Photonic waveguide mode to free-space Gaussian beam extreme mode converter

TL;DR

This paper introduces an extreme mode converter that efficiently transforms photonic waveguide modes into free-space Gaussian beams, enabling compact, low-loss coupling suitable for chip-scale applications across various wavelengths.

Contribution

The authors present a novel two-stage mode converter that bridges large mode size mismatches, allowing direct coupling of photonic chips to free-space beams with minimal loss.

Findings

Achieved a Gaussian beam waist of about 160 μm from a photonic waveguide.

Demonstrated grating-to-grating coupling with free-space reflection.

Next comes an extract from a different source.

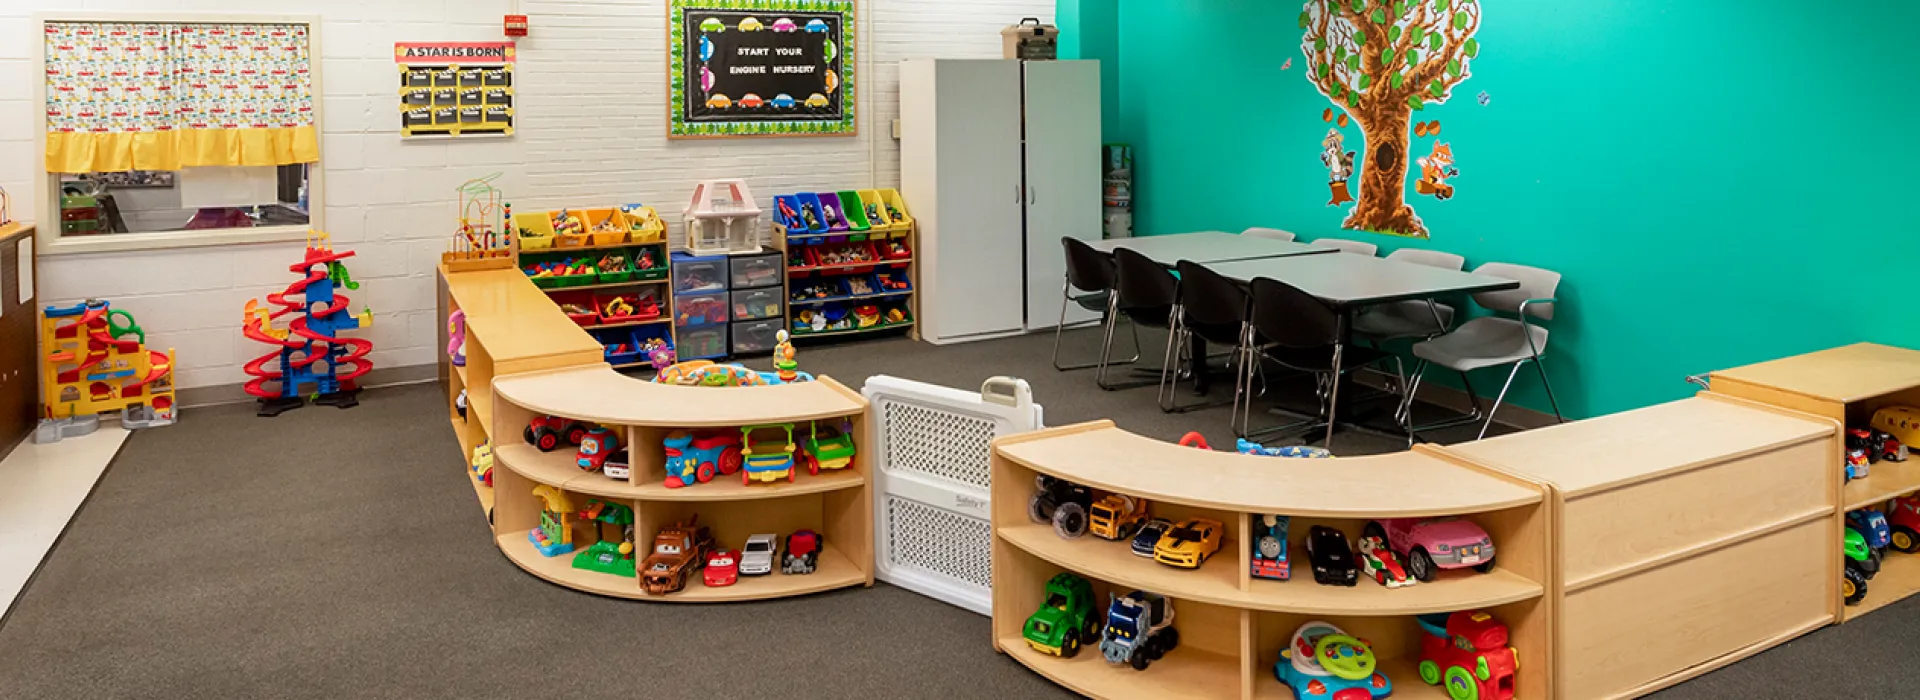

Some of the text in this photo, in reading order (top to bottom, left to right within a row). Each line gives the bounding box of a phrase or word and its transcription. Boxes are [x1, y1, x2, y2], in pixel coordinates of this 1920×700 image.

[406, 47, 500, 57] A STAR IS BORN
[737, 47, 802, 56] START YOUR
[729, 65, 815, 74] ENGINE NURSERY

Operates at 780 nm, adaptable to other wavelengths.

Abstract

Integration of photonic chips with atomic, micromechanical, chemical and biological systems can advance science and open many possibilities in chip-scale devices and technology. Compact photonic structures for direct coupling of light between high-index single-mode waveguides and arbitrary free-space modes spanning hundreds of waves in cross-section would eliminate bulky optical components and enable integration of photonics into many new applications requiring wide beams, structured light and centimeter-scale propagation distances with low diffraction-limited losses. Conventional fiber-coupling approaches do not scale well for accurate, low-loss coupling across the extremely large mode scale mismatch ($\approx10^6$ times in modal area). Here we present an extreme mode converter that can transform the photonic waveguide mode to the diffraction-limited, free-space Gaussian beam, with a beam waist of about $160~\mu$m. Using two identical converters, we demonstrate a grating-to-grating coupling that couples the radiating beam back to the chip through a mirror reflection in free-space. Operating at 780~nm for integration with chip-scale atomic vapor cell cavities, our design can be adapted for visible, telecommunication or other wavelengths. Furthermore, other types of beams can be implemented by using the 2-stage expansion approach presented in this paper.